Narrador omnisciente

 


El cielo estaba raro esa mañana. Desde su ventana casi no se notaba, pero al salir a la calle fue consciente de que estaba como curvado. Bueno, realmente sobraba el como: era un cielo realmente curvo. Qué cosa más absurda, pensó, ¿tendrá algo que ver con el whisky que me tomé anoche?

No habría dado ni tres pasos sobre la nieve que cubría el terreno, absorto en su contemplación de aquella auténtica bóveda celeste, cuando súbitamente el mundo giró sobre sí mismo.

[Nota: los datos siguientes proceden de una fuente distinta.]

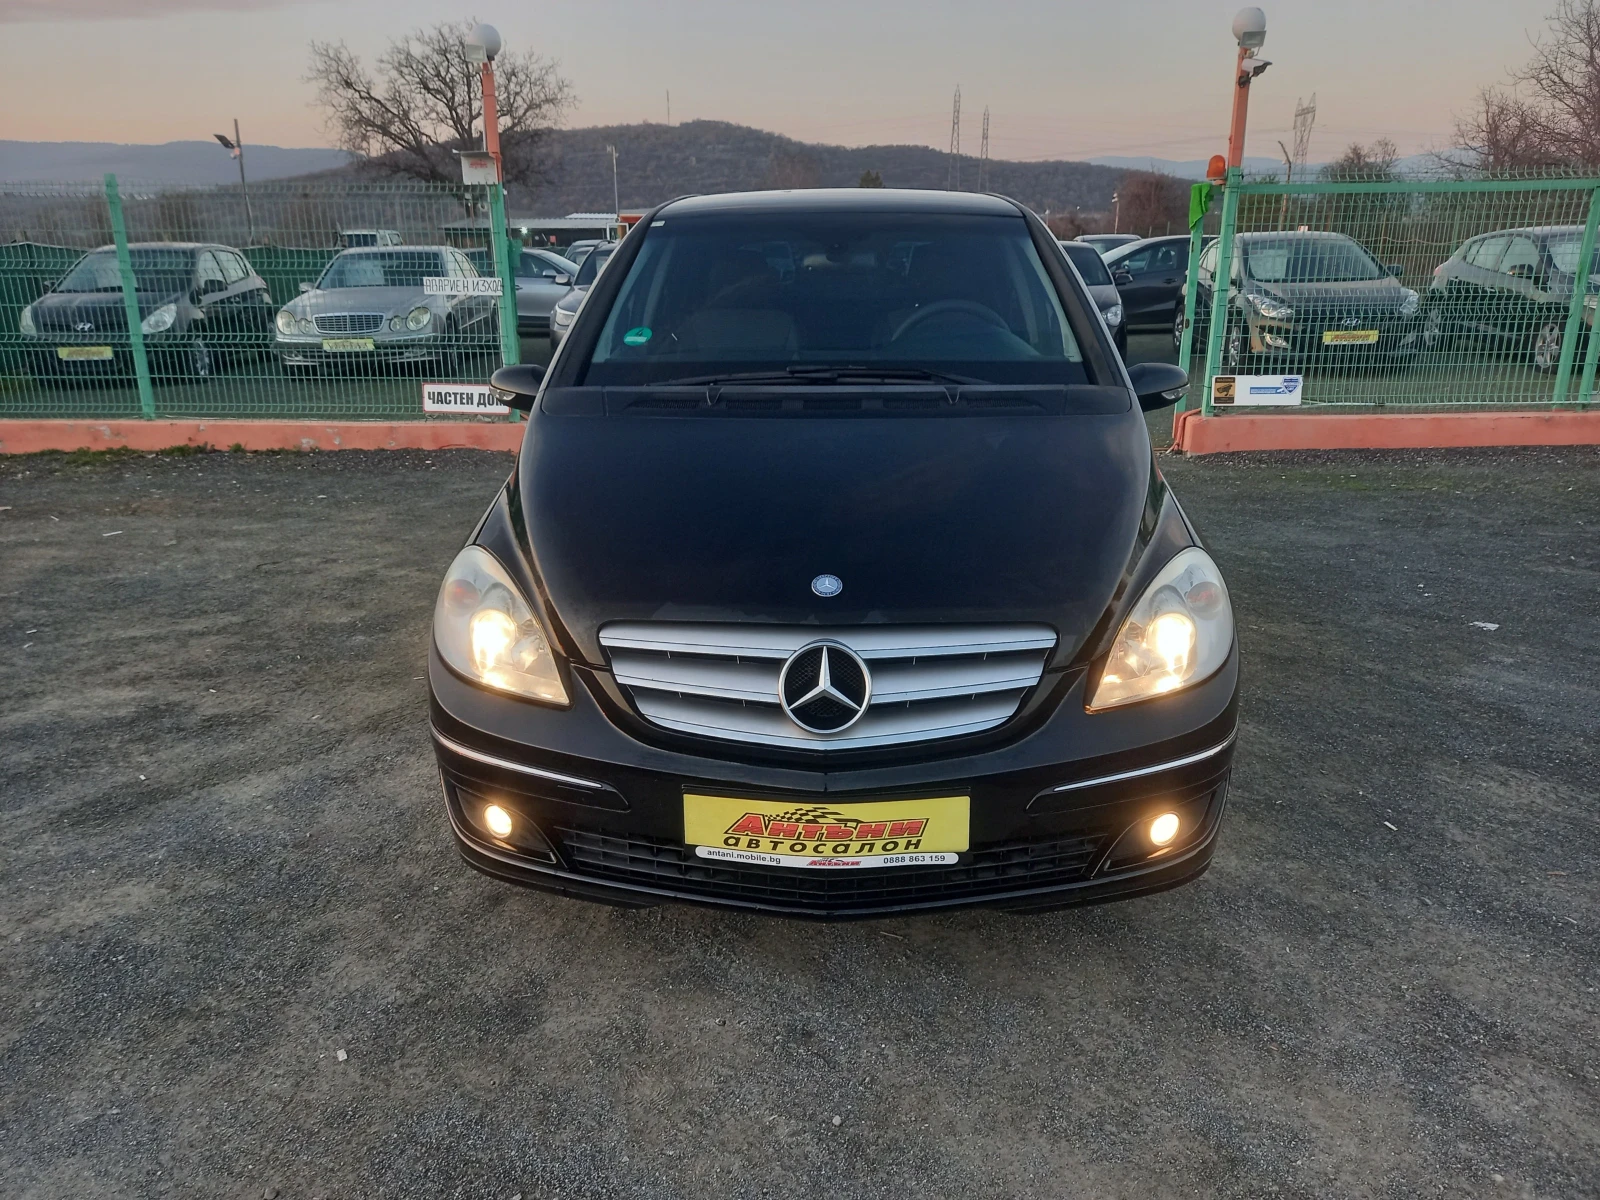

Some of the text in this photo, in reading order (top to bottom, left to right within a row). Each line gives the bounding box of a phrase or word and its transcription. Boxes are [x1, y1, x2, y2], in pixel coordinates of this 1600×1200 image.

Fue zarandeado en el aire por una fuerza tan desconocida como brutal y finalmente, al cesar aquel insólito incidente, cayó bastante maltrecho a tierra. Perdido mental y corporalmente, apenas pudo percatarse de que había comenzado a nevar de una manera muy suave. Solo cuando paró de caer la nieve pudo ver para su espanto que un ojo enorme se alzaba tras aquel cielo curvo. Ah, el ojo de Dios, pensó reconfortado justo antes de expirar.

Uy, uy, uy, la que he liado. Si es que los narradores no debemos juguetear cuando tenemos un personaje entre manos. Y menos con un pisapapeles de cristal.